WeWork is NOT a tech company, it’s a massive financial fraud scheme, warns analyst
09/22/2019 // JD Heyes // Views

A new in-depth analysis of the WeWork, a “shared workspace” company that is outlandishly overvalued, is built on fraud, deceit, and shameless fake marketing campaigns that are sure to end in miserable failure.

According to a lengthy assessment of WeWork by Henry Hawksberry, a company founded by Adam Nuemann & Miguel McKelvey, it is in no way, shape, or form a “technology company,” though it is often referred to as such. 

Claiming as much “is one of the many indicators that illustrate how Adam & Miguel intentionally seek to mislead and defraud existing & potential future retail investors,” writes Hawksberry.

But it’s easy for people to assume that. After all, according to one definition of the company, it provides shared workspaces for technology startup subculture communities, as well as services for entrepreneurs, freelancers, startups and small-to-large businesses. (Related: Leftist tech companies suffer from the same delusion as leftist ideology: It’s all hype, fiction and bulls##t, packaged as consensus reality.)

How fraudulent is WeWork? Let us count the ways

That’s as close as it gets to a ‘tech’ company though. Here’s what else Hawksberry found in his deep dive of the company’s fraudulent practices:

— The company posts full-year invoices for the year ahead as a way of inflating their revenues. At that point, the company then “heavily” discounts the invoices they have already raised “and treat them as expenses.” Then, they pay off the broker that secured the lead 100 percent (industry standard is 10 percent), but the discounts and the 100 percent commission payments don’t appear in the company’s financial sections since they are “community adjusted.”
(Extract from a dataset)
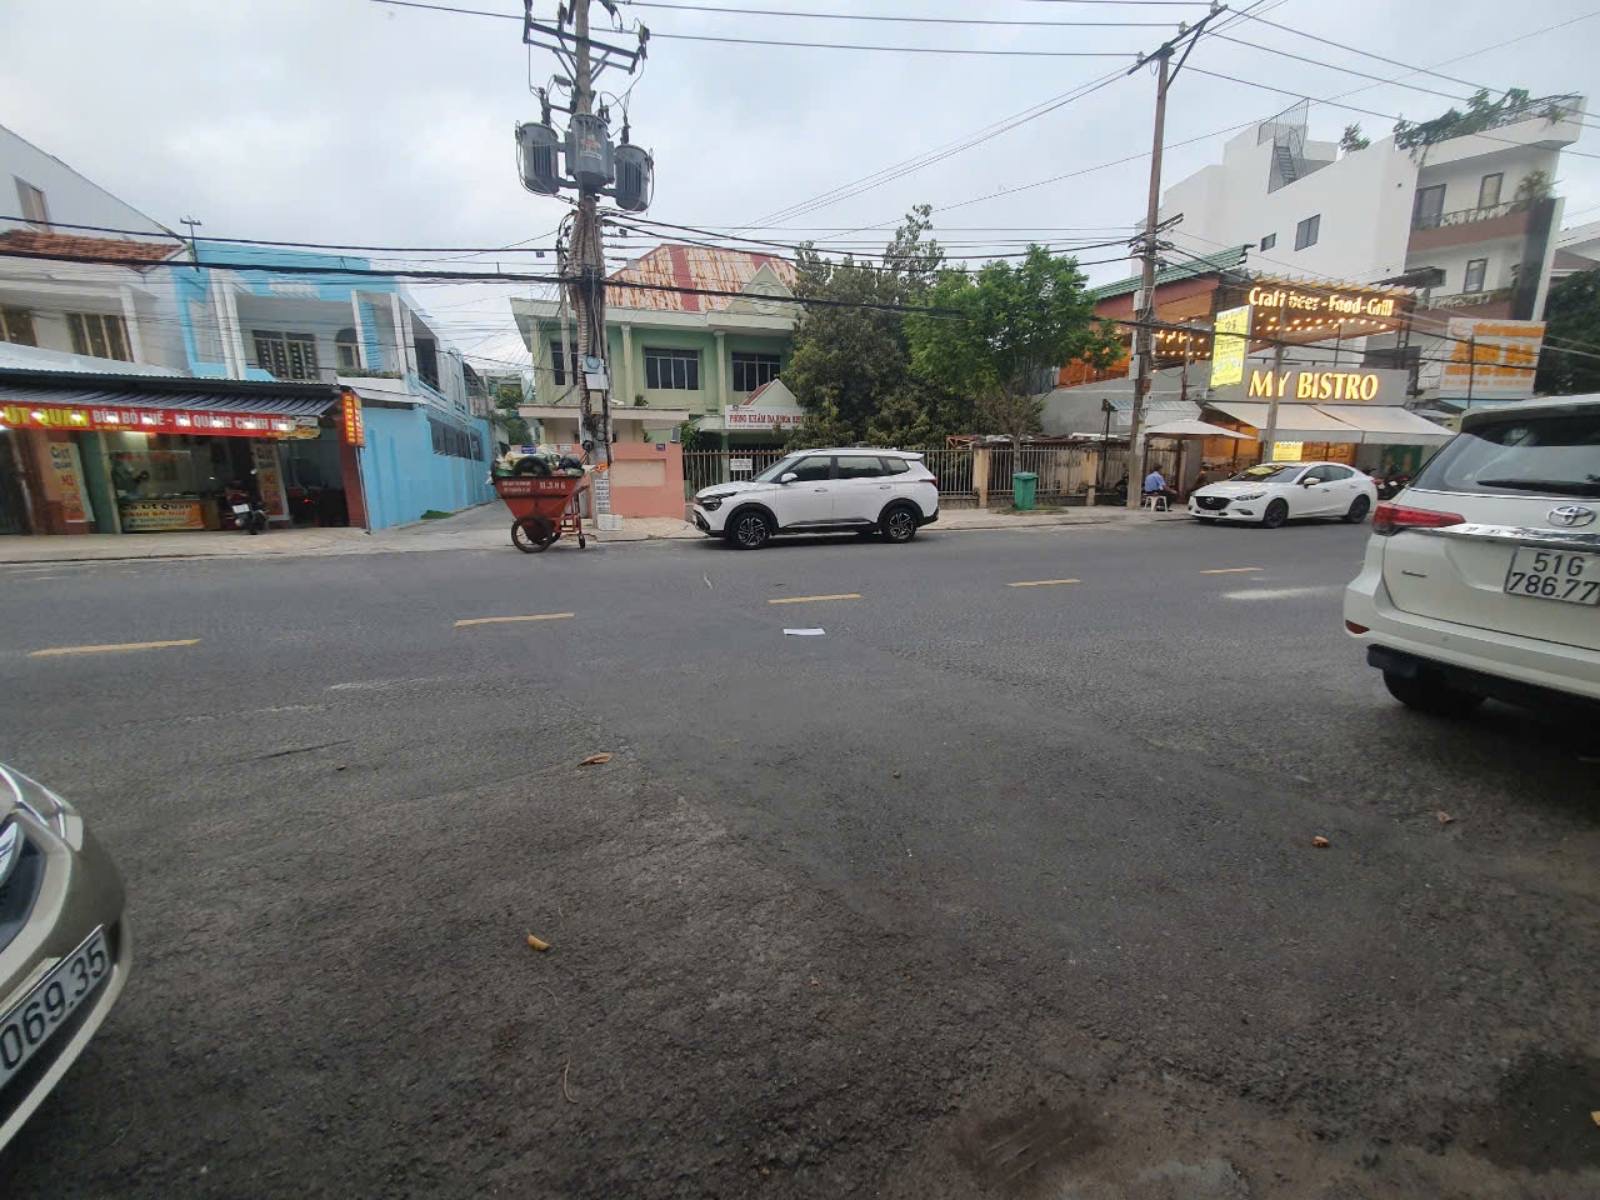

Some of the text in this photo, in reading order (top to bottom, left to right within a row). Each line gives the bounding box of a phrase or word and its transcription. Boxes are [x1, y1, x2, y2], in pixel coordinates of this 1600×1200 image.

— WeWork also turns expenses into income, which helps boost the bottom line to potential investors.

— The company has invented “a brand-new accounting principle” in order to hide big costs including fit-outs and marketing. “This is another strong indicator,” writes Hawksberry, “they are hiding actual losses to mislead, knowingly.”
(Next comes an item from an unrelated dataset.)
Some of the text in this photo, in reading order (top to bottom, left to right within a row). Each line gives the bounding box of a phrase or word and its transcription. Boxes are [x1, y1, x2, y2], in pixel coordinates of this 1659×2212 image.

— None of the company’s buildings (where there is shared office space) are anywhere near full and “they are already experiencing falling occupancy rates.” Why? The customer service isn’t very good, apparently.
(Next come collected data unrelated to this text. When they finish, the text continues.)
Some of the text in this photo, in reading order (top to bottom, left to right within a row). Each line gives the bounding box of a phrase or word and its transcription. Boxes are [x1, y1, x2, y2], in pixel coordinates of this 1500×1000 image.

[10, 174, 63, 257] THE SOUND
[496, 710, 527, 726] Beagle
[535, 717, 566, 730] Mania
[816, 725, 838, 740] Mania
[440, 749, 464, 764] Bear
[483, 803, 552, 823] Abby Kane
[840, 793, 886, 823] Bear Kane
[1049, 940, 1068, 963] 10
— Another similar company — Regus — is engaged in legal action against WeWork for allegedly “poaching customers.” They aren’t the only ones who have accused WeWork of resorting to underhanded tactics to steal customers.

— “Adam & Miguel have already collectively cashed out in excess of $1 billion in loans, royalties, salaries to extended family, private jets and who knows what other instruments” such as selling the We trademark back to WeWork for $6 million after it was secretly bought. 

— The founders have seemingly bilked the company out of enough funds “to set up their grandchildren for life.”

— Adam’s wife, Rebekah, persuaded Masayoshi Son, a billionaire and CEO of SoftBank, to invest $100 million in her own pet “future of education” project, WeGrow. 

— Hawksberry believes that the founders are positioning themselves for a bailout on the company once the IPO launches, since they’ve already allegedly extracted nearly $1 billion from it.

— It is claimed that WeWork is worth $47 billion but that figure is far too high, he argues, and purposely so, in order to convince others to put money into it.

— Both Adam and Miguel have regularly been “way off” on their income and profit forecasts that were made in their original pitch to investors, Hawksberry notes. Rather than profits of $1 billion or so in 2018, the company actually lost something like $4 billion accumulated between 2014 and 2018. Even Bloomberg reported that the company slashed its earnings forecast 76 percent, based on the account of a whistleblower.

— In all, the company has raised a staggering amount of money pre-IPO — $14 billion, or far more than Facebook ($2.2 billion); Google ($130 million) and Ebay ($6.9 million). But the company has less than $1.5 billion in cash “and have nothing to show other than $47 billion in lease commitments.” 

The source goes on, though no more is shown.